Heminssen conhece já perfeitamente as principais cidades do sul da Europa, seus recantos, restaurantes e paisagens. Evita as zonas de montanha, ou de natureza mais selvagem, porque isso é o que ele tem durante todo o ano: o paraíso.
É um um jogo simples e que lhe parece justo. Claro que as mulheres derretem-se de amores e eles a rir delas; o protagonista, às vezes, aguenta a inveja dos financiadores, mas ele tem outros atributos! E chega a ser apresentado à família das mulheres, ao vivo, ou a ir à igreja delas, com gáudio da assistência ávida que tem no clube de amigos, todos fiordinos! É um cozinhado caseiro, entre eles, que não lhes morde a ética.
Quando ele as despede, todos cantarão em coro, a canção que fizeram para o efeito: "STUPID WOMEN" com a música de Pretty Woman, e marcam uma pescaria comemorativa nos lagos assim que aquecer, com tudo pago para o herói, que irá fazer relatos mais pormenorizados das suas façanhas.
Uma vez os olhos de Heminssen encheram-se-lhe de lágrimas com pena da miúda e com saudades, mas o clube decidira: era para acabar, estava a ir perigosamente, longe demais!
E as estórias de amor ficam dispersas com as fotos do homem pelas redes sociais, na companhia íntima de uma ou outra morena; postagens delas cheias de elogios e beijos românticos ao pôr-do-sol, auroras boreais, lagos, montanhas, cidades e praias do sul, intercaladas com as da Europa Central, para desanuviar! É turismo, é amor, é jogo, é sobrevivência à solidão!
Bem vindos ao mundo desenvolvido e global!
Pensaram que a estória era isto?! Não! Na verdade, no caso de Heminssen, as mulheres falam português e o turismo passa forçosamente por Portugal.
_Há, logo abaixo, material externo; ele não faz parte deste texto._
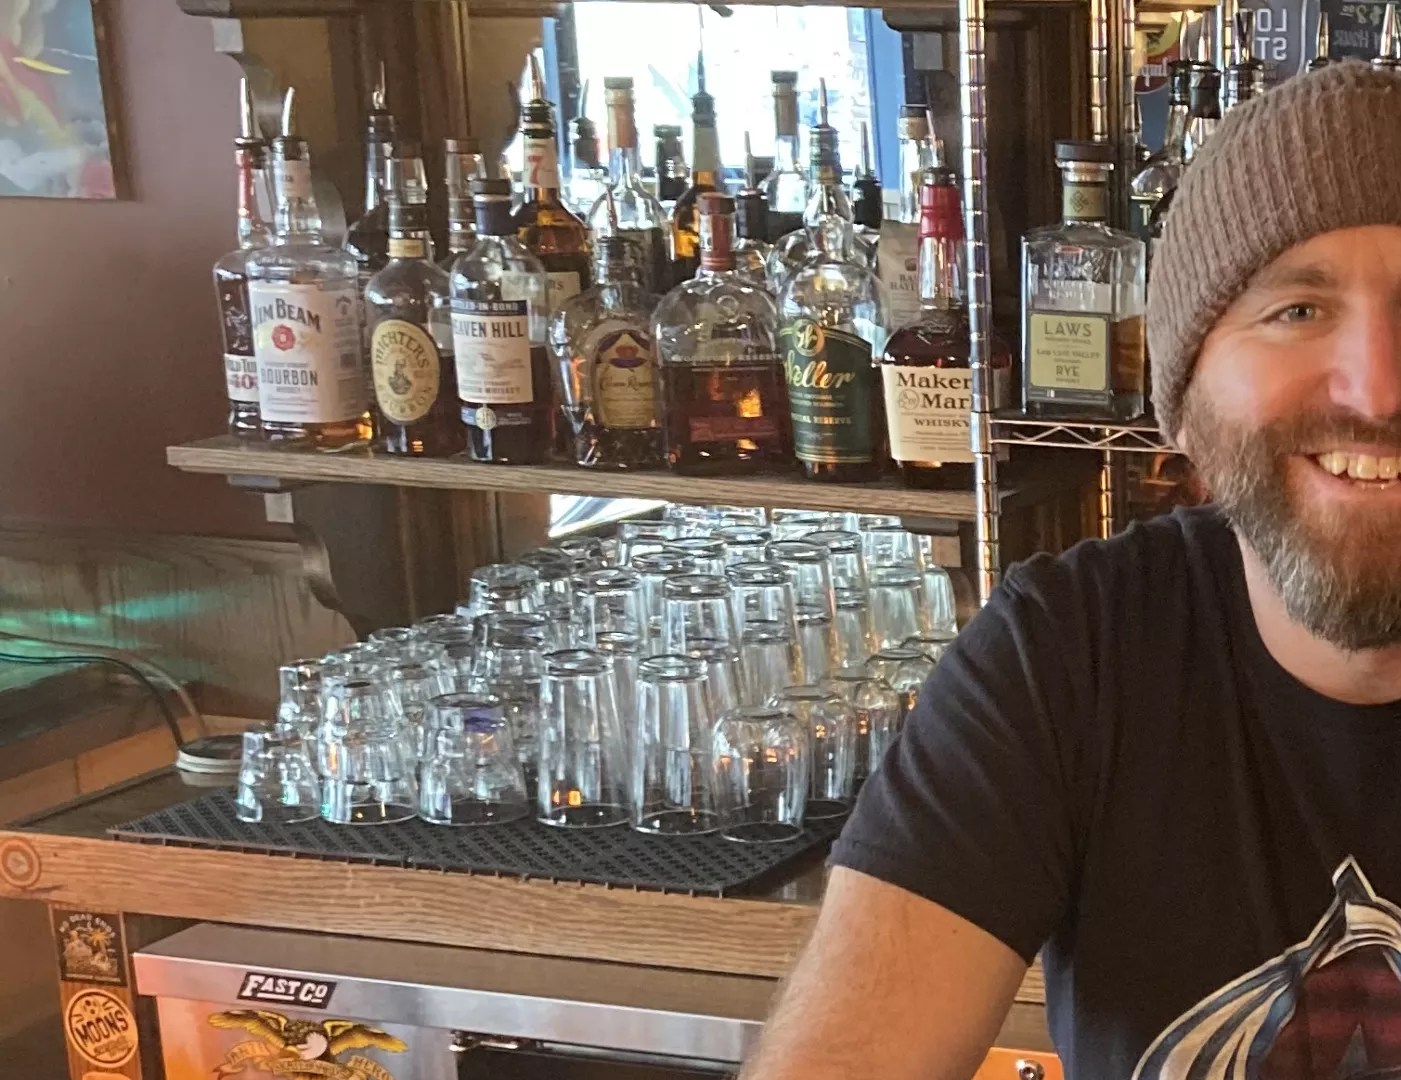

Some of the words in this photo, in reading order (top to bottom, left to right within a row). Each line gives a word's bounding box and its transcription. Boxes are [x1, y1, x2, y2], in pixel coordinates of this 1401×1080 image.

[274, 297, 322, 334] BEAM
[491, 320, 525, 338] HILL
[1043, 320, 1093, 338] LAWS
[260, 366, 320, 387] BOURBON
[1055, 364, 1080, 378] RYE
[240, 974, 302, 998] FAST
[75, 1008, 129, 1048] MOONS
A história é bem antiga. Carla tinha dezoito anos, já Heminssen ia nos cinquenta. Ela foi trabalhar para hotéis - sim limpezas, arrumação de quartos -, para viver na Noruega. Pois é, Carla era uma menina da Linha do Estoril, filha de uma médica psiquiatra, que deixou os estudos e a mãe zangada e seguiu para a Noruega, Tromso, para estar perto do namorado, encontrado na Internet, por quem tinha uma enorme paixão. E depois acabou, desempregada é certo, na casa dele num fiorde aonde este a tinha recentemente comprado, ele que era do sul do país.
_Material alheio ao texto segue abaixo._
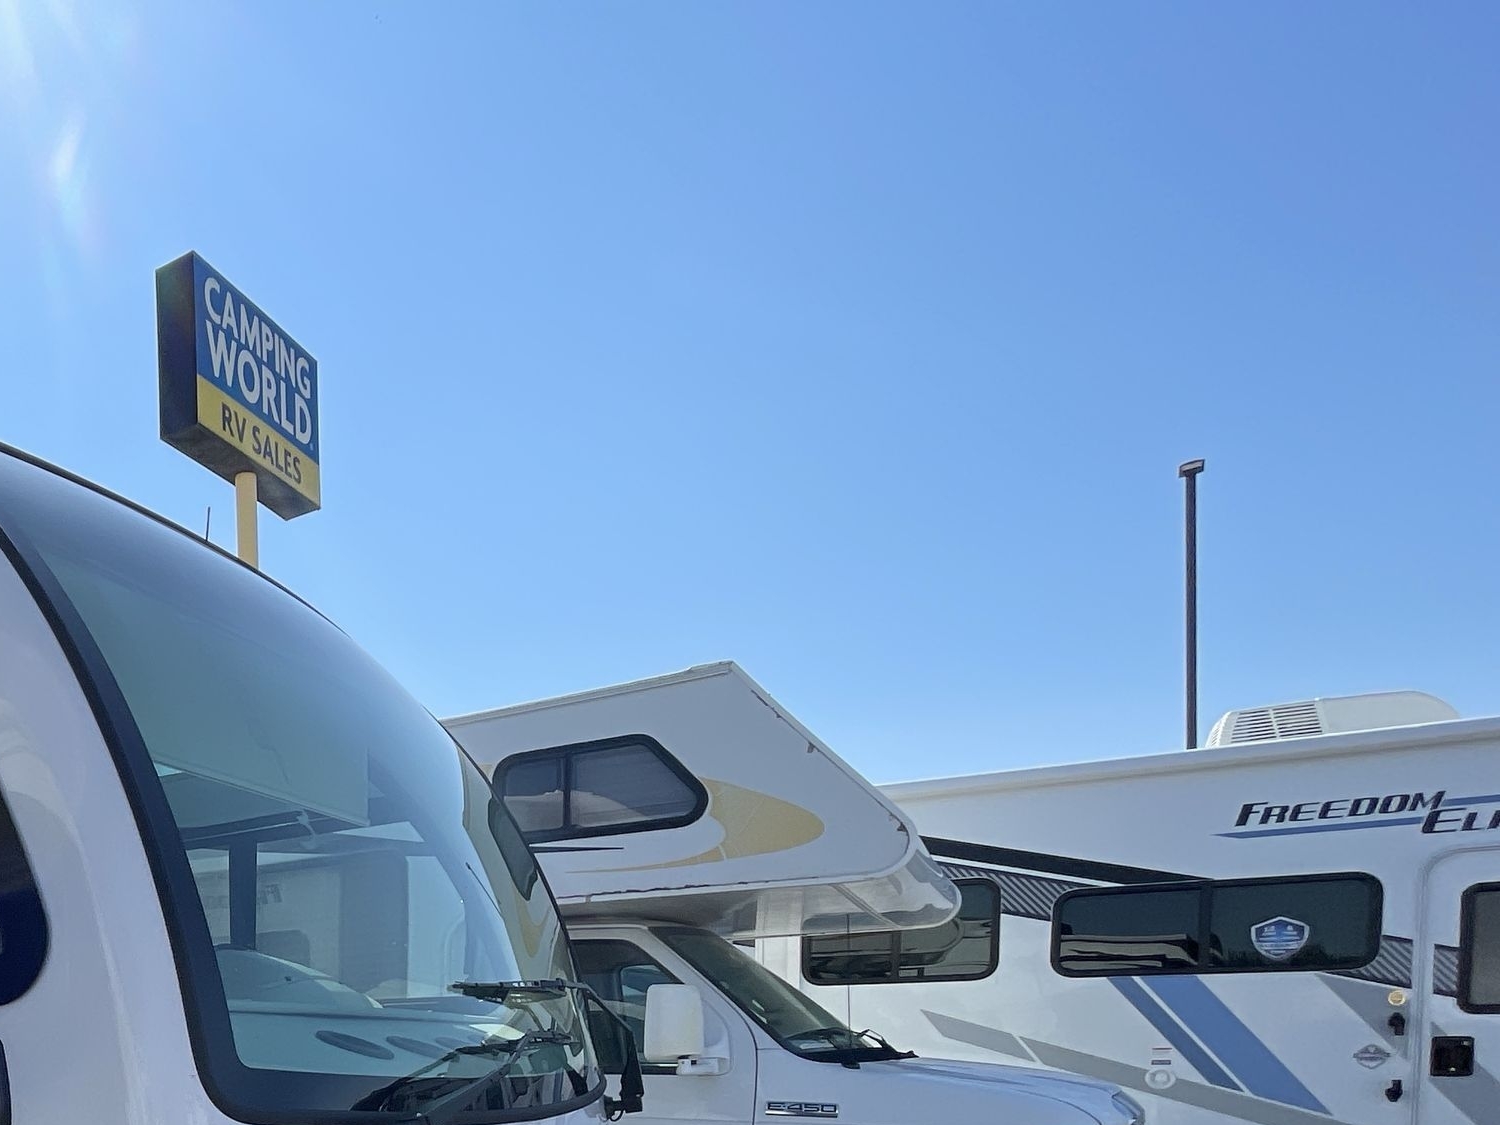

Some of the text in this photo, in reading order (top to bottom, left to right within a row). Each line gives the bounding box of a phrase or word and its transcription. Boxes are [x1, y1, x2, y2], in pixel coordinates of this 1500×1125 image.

[204, 277, 311, 399] CAMPING
[205, 320, 312, 445] WORLD
[221, 402, 302, 484] RV SALES
[1235, 791, 1446, 827] FREEDOM
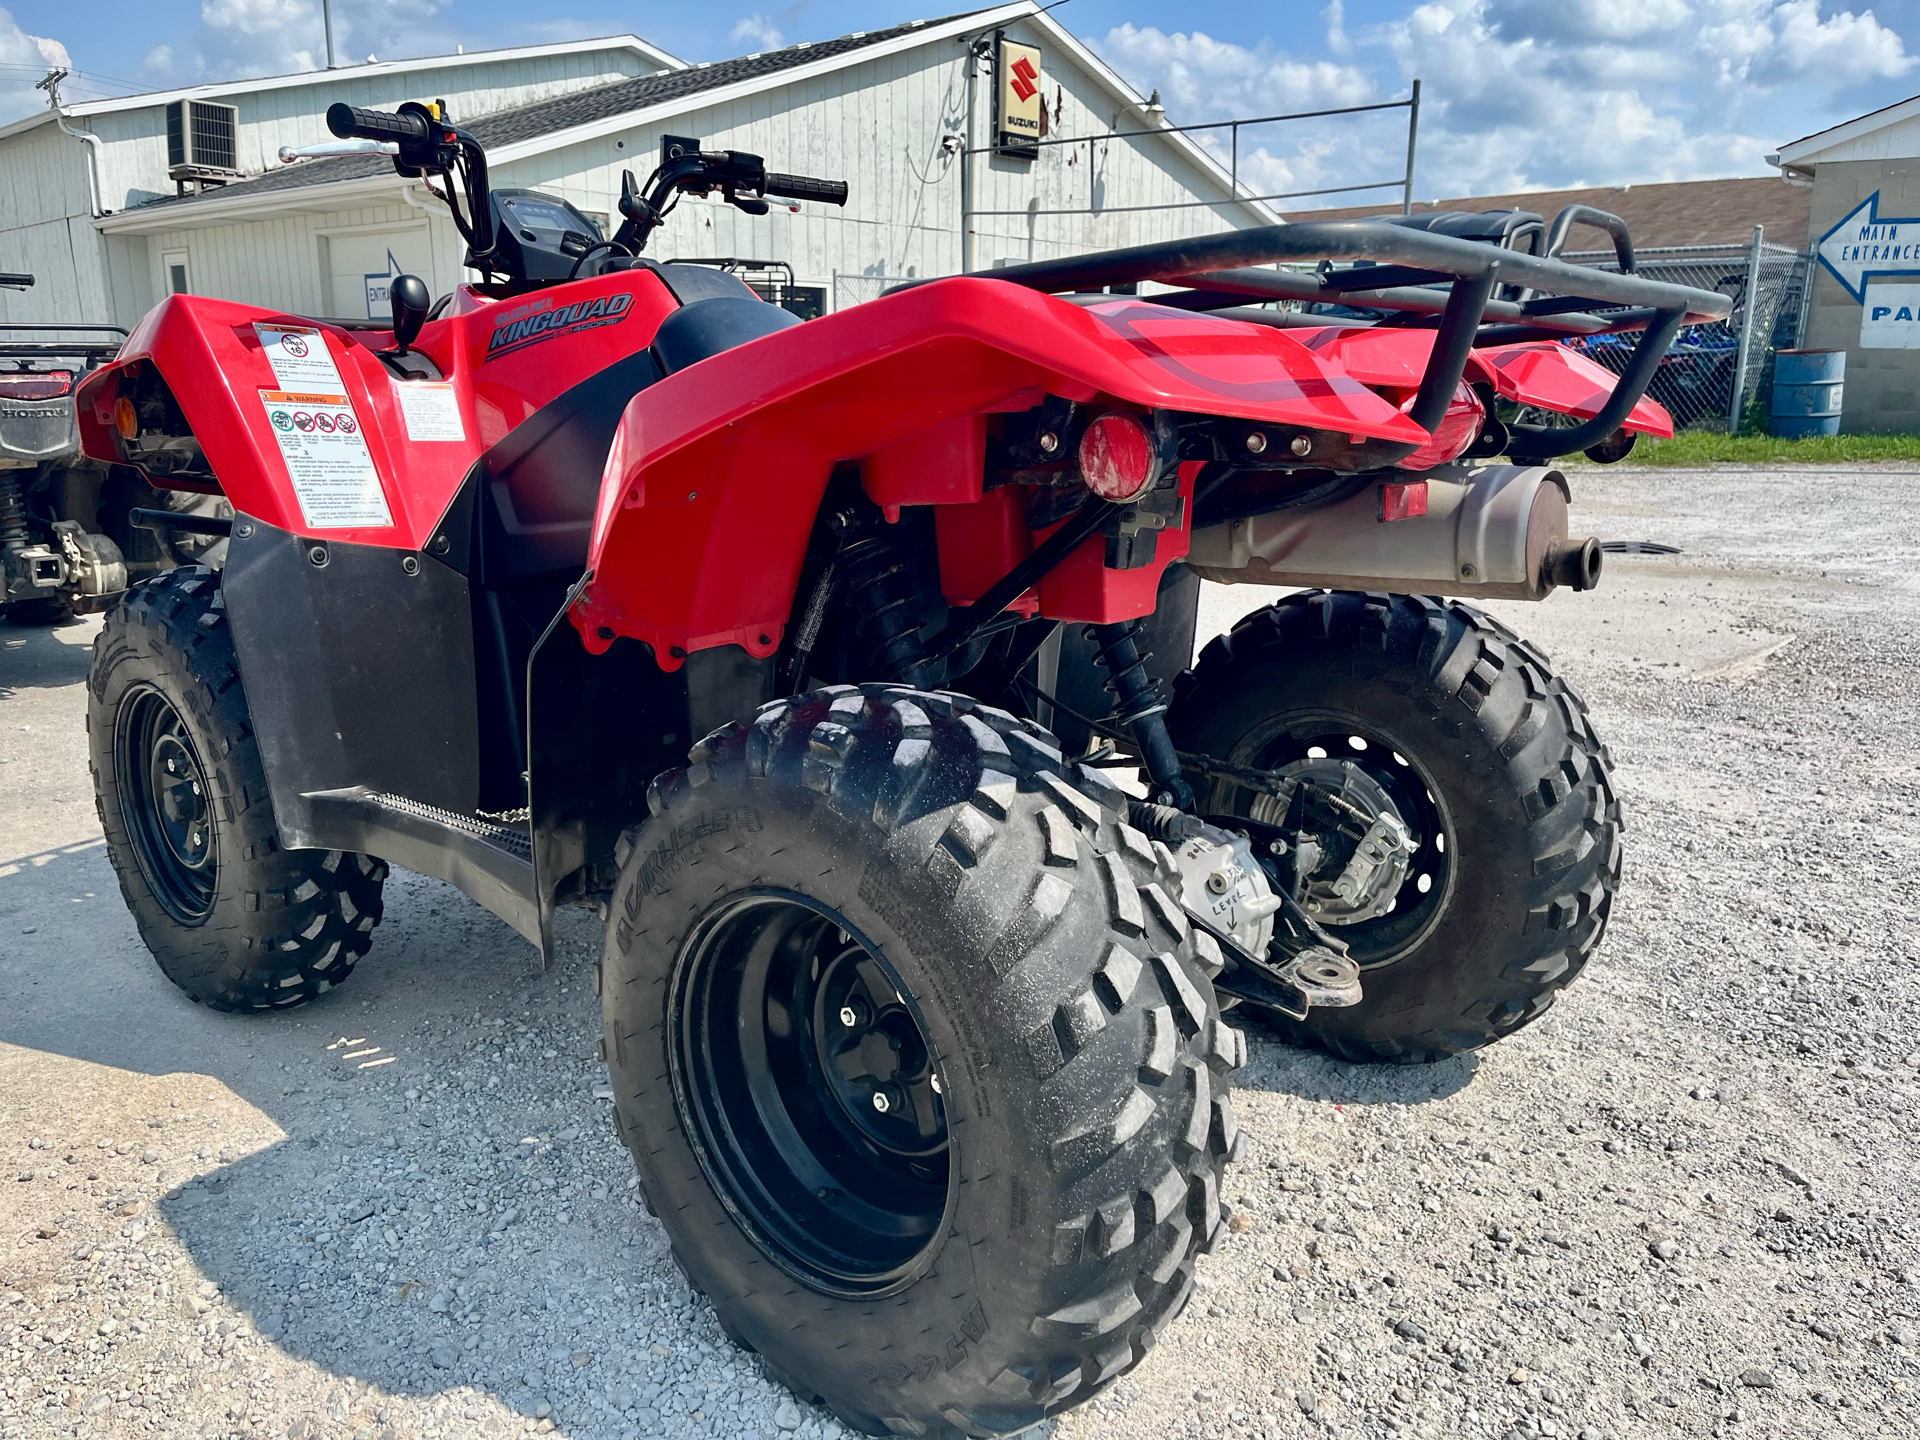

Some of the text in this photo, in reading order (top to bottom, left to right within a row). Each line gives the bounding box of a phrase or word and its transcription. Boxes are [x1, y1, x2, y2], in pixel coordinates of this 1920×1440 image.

[1008, 116, 1038, 129] SUZUKI
[1859, 224, 1898, 241] MAIN
[1842, 244, 1920, 261] ENTRANCE
[494, 297, 553, 326] SUZUKI
[1872, 306, 1920, 321] PA
[486, 292, 634, 353] KINGQUAD
[291, 346, 302, 354] 16
[2, 408, 67, 418] HONDA
[624, 804, 731, 922] CARLISLE
[1212, 888, 1246, 916] LEVEL
Mas a solidão tornou-se insuportável com o namorado aos fim-de-semana a sair com os amigos e ela a ficar aborrecida e a sentir-se abandonada lá no fiorde. Para mitigar a solidão frequentava grupos de solidariedade animal e veganismo. Ao cozinhar impunha ao homem uma dieta que ela considerava correta, mas ele era um pescador e não achava graça nenhuma. De zanga em zanga, ela fugiu, regressou a Portugal e anichou-se na garagem transformada em apartamento da vivenda da mãe e foi diagnosticada como Bipolar.
Heminssen ficou destroçado, ainda se deslocou a Portugal para recuperá-la, mas sem êxito. É daí que vem uma obsessão com a língua portuguesa, o turismo em Portugal e a necessidade de companhia, que não aguenta mais que uns meses, às vezes dois a três anos, que o faz sentir, um pouco, a viver com a sua menina. Assim, algumas portuguesas, às vezes brasileiras também, são seduzidas para participar no jogo: ficam admiradas com o conhecimento que o homem tem dos locais, dos hábitos, da língua, e até da política. É uma obsessão por Portugal, o seu amor eterno e impossível, representado por atrizes ingénuas. Era injusto, sabia, mas tratava-as bem, enquanto aguentava! E elas eram muito felizes, como se um grande amor lhes tivesse caído do céu do Norte, até caírem elas, às vezes com estertor, e a saúde mental ameaçada. Mas disso ele já não tomava conhecimento, pois "desamigava-as"; mais, fazia "bloqueio" e elas lá longe, não mais piavam! E o jogo continua!